[Start of Attachment]

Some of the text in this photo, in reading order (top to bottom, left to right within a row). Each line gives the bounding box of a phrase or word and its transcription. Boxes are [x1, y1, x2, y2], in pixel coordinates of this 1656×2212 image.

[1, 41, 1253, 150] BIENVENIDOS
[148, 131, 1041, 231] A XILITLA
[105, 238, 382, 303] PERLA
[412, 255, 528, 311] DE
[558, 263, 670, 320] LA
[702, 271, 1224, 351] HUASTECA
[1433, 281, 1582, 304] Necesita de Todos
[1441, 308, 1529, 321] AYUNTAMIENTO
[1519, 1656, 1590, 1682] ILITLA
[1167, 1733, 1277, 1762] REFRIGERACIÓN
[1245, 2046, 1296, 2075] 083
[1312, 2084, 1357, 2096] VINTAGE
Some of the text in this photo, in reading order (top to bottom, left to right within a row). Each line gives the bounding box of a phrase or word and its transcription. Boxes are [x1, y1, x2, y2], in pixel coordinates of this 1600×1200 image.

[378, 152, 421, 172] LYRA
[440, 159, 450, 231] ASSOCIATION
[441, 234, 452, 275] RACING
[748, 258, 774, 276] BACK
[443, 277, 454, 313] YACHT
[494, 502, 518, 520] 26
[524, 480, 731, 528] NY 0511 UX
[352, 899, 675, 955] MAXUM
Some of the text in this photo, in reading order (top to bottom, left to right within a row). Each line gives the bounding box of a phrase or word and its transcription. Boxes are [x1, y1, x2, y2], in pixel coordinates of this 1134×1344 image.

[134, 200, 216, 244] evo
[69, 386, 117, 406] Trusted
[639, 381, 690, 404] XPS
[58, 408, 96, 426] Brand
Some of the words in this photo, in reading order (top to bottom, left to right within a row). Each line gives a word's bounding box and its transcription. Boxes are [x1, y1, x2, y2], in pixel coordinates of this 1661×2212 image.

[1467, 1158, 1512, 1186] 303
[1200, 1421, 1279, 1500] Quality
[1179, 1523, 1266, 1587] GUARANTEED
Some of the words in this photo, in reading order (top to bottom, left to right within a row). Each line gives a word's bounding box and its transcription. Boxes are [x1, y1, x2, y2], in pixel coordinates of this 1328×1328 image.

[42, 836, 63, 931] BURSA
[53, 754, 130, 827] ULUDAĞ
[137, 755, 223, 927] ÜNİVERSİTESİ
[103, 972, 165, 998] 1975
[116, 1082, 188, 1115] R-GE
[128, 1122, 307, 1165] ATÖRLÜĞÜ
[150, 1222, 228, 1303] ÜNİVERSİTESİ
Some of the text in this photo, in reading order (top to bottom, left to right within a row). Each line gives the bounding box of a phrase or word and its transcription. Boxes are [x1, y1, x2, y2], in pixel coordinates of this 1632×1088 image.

[End of Attachment]

PROBLEM DETAILS:
Retype the data precisely.

SOLVED EXERCISE:
Some of the text in this photo, in reading order (top to bottom, left to right within a row). Each line gives the bounding box of a phrase or word and its transcription. Boxes are [x1, y1, x2, y2], in pixel coordinates of this 1656×2212 image.

[1, 41, 1253, 150] BIENVENIDOS
[148, 131, 1041, 231] A XILITLA
[105, 238, 382, 303] PERLA
[412, 255, 528, 311] DE
[558, 263, 670, 320] LA
[702, 271, 1224, 351] HUASTECA
[1433, 281, 1582, 304] Necesita de Todos
[1441, 308, 1529, 321] AYUNTAMIENTO
[1519, 1656, 1590, 1682] ILITLA
[1167, 1733, 1277, 1762] REFRIGERACIÓN
[1245, 2046, 1296, 2075] 083
[1312, 2084, 1357, 2096] VINTAGE
Some of the text in this photo, in reading order (top to bottom, left to right within a row). Each line gives the bounding box of a phrase or word and its transcription. Boxes are [x1, y1, x2, y2], in pixel coordinates of this 1600×1200 image.

[378, 152, 421, 172] LYRA
[440, 159, 450, 231] ASSOCIATION
[441, 234, 452, 275] RACING
[748, 258, 774, 276] BACK
[443, 277, 454, 313] YACHT
[494, 502, 518, 520] 26
[524, 480, 731, 528] NY 0511 UX
[352, 899, 675, 955] MAXUM
Some of the text in this photo, in reading order (top to bottom, left to right within a row). Each line gives the bounding box of a phrase or word and its transcription. Boxes are [x1, y1, x2, y2], in pixel coordinates of this 1134×1344 image.

[134, 200, 216, 244] evo
[69, 386, 117, 406] Trusted
[639, 381, 690, 404] XPS
[58, 408, 96, 426] Brand
Some of the words in this photo, in reading order (top to bottom, left to right within a row). Each line gives a word's bounding box and its transcription. Boxes are [x1, y1, x2, y2], in pixel coordinates of this 1661×2212 image.

[1467, 1158, 1512, 1186] 303
[1200, 1421, 1279, 1500] Quality
[1179, 1523, 1266, 1587] GUARANTEED
Some of the words in this photo, in reading order (top to bottom, left to right within a row). Each line gives a word's bounding box and its transcription. Boxes are [x1, y1, x2, y2], in pixel coordinates of this 1328×1328 image.

[42, 836, 63, 931] BURSA
[53, 754, 130, 827] ULUDAĞ
[137, 755, 223, 927] ÜNİVERSİTESİ
[103, 972, 165, 998] 1975
[116, 1082, 188, 1115] R-GE
[128, 1122, 307, 1165] ATÖRLÜĞÜ
[150, 1222, 228, 1303] ÜNİVERSİTESİ
Some of the text in this photo, in reading order (top to bottom, left to right within a row). Each line gives the bounding box of a phrase or word and its transcription. Boxes are [x1, y1, x2, y2], in pixel coordinates of this 1632×1088 image.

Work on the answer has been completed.